Wenn möglich, sollte die betroffene Person/Familie angesprochen werden, bevor eine Meldung eingereicht wird. Offenheit hilft den Betroffenen, das Vorgehen zu verstehen und allenfalls besser akzeptieren zu können. Solche Gespräche sind oft schwierig zu führen und erfordern viel Zivilcourage. Bei Unsicherheiten ist es empfehlenswert, entsprechende Beratungsstellen zu kontaktieren. Dieses Vorgehen gilt jedoch nicht für dringende Fälle, in denen das Kind massiv gefährdet ist. In solchen Fällen sollte unverzüglich mit der Polizei oder der KESB Kontakt aufgenommen werden.

Was passiert nach Eingang einer Meldung bei der KESB?

Ist bei der KESB eine Meldung eingegangen, eröffnet diese ein Verfahren. In diesem Verfahren wird die Situation des Kindes abgeklärt und geprüft, ob eine Kindeswohlgefährdung vorliegt und inwiefern die Familie unterstützt werden kann. Nach Abschluss dieses Verfahrens wird ein Entscheid gefällt, und es werden allenfalls Massnahmen zur Unterstützung der Familie oder zum Schutz des Kindes getroffen. Die KESB versucht immer im Einverständnis mit der Familie eine einvernehmliche Lösung zu finden. Kann eine solche Lösung gefunden werden, mit der alle Seiten einverstanden sind, ist dies für das Familiensystem nachhaltiger, als wenn eine Massnahme mittels behördlichen Drucks angeordnet wird. Die meldende Person hat grundsätzlich keinen Anspruch auf weitere Informationen während des Verfahrens und auch nicht über dessen Abschluss. Die betroffenen Familienmitglieder haben das Recht, die Akten der KESB einzusehen, und können so auch Kenntnis vom Inhalt der Meldung und von der meldenden Person erhalten. Das ist wichtig, damit sich die Familienmitglieder offen und konkret zum Inhalt der Meldung äussern können. Dies ist ein Verfahrensrecht. Die KESB kann nur in Ausnahmefällen anordnen, dass die Familie keinen bzw. nur einen eingeschränkten Zugang zur Gefährdungsmeldung erhalten.
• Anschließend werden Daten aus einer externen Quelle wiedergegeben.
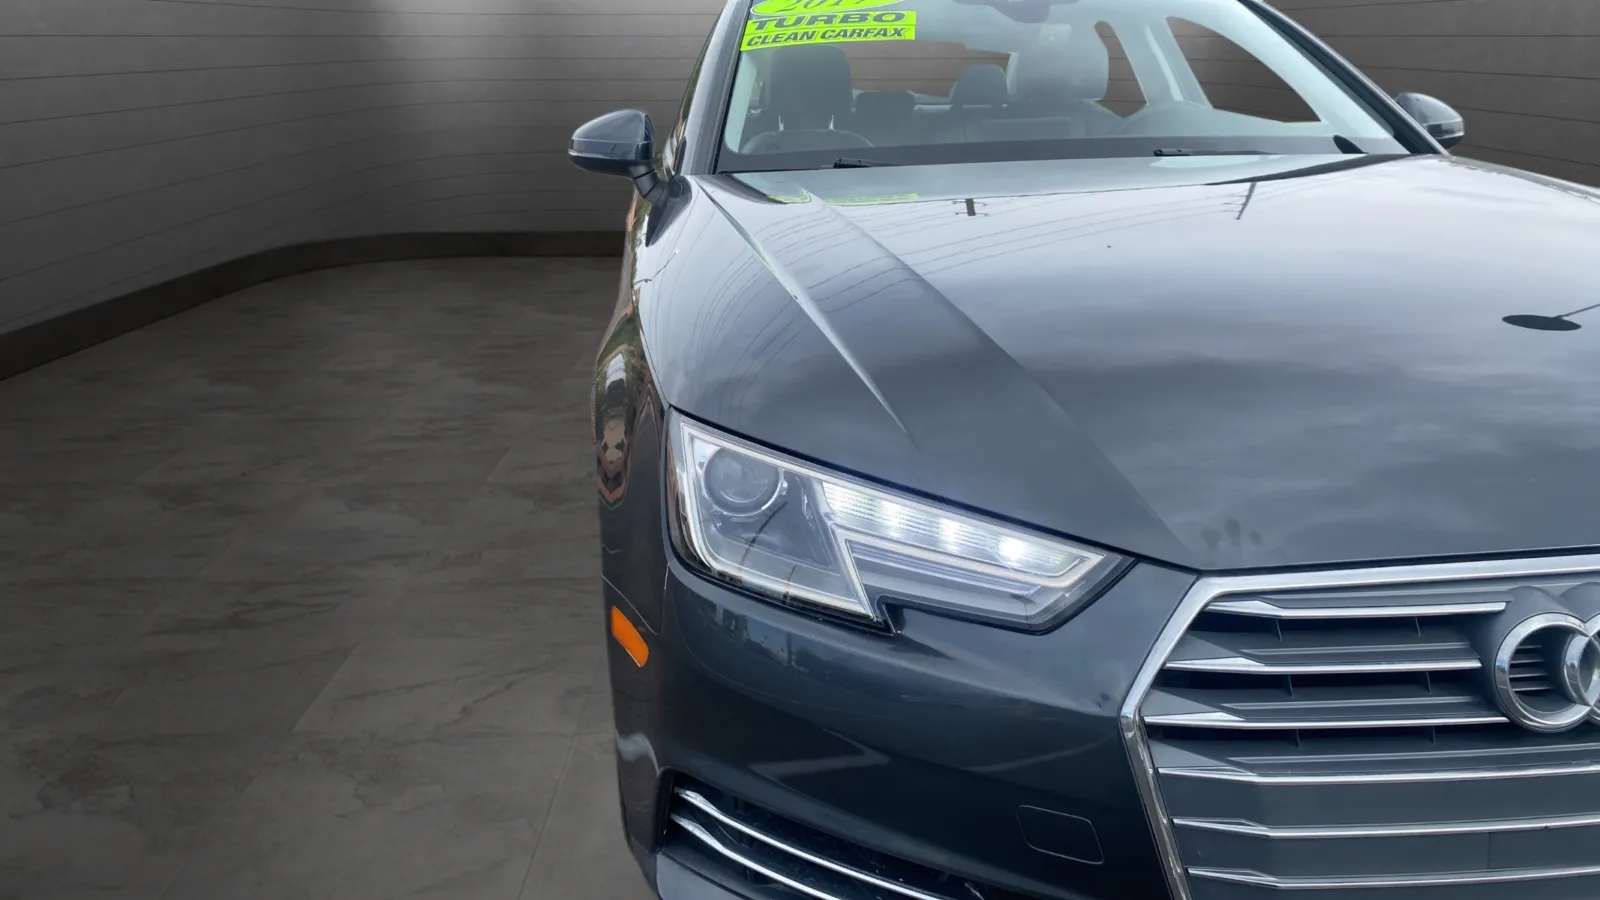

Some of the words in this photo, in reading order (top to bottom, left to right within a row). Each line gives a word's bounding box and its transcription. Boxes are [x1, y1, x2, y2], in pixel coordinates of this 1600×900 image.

[775, 0, 865, 12] 201
[752, 12, 906, 31] TURBO
[747, 31, 814, 46] CLEAN
[820, 27, 905, 39] CARFAX
Was geschieht, wenn die Meldepflicht missachtet wird?

Die Verletzung einer Meldepflicht ist für sich nicht strafbar. Wenn eine Person trotz Verpflichtung keine Meldung erstattet und es zu einer Schädigung kommt, kann eine Straftat durch Unterlassung relevant werden (Art. 11 Abs. 2 StGB). Voraussetzung dafür ist, dass der Schaden, den ein Opfer durch eine Straftat erlitten hat, mit an Sicherheit grenzender Wahrscheinlichkeit durch eine Meldung an die KESB hätte verhindert werden können.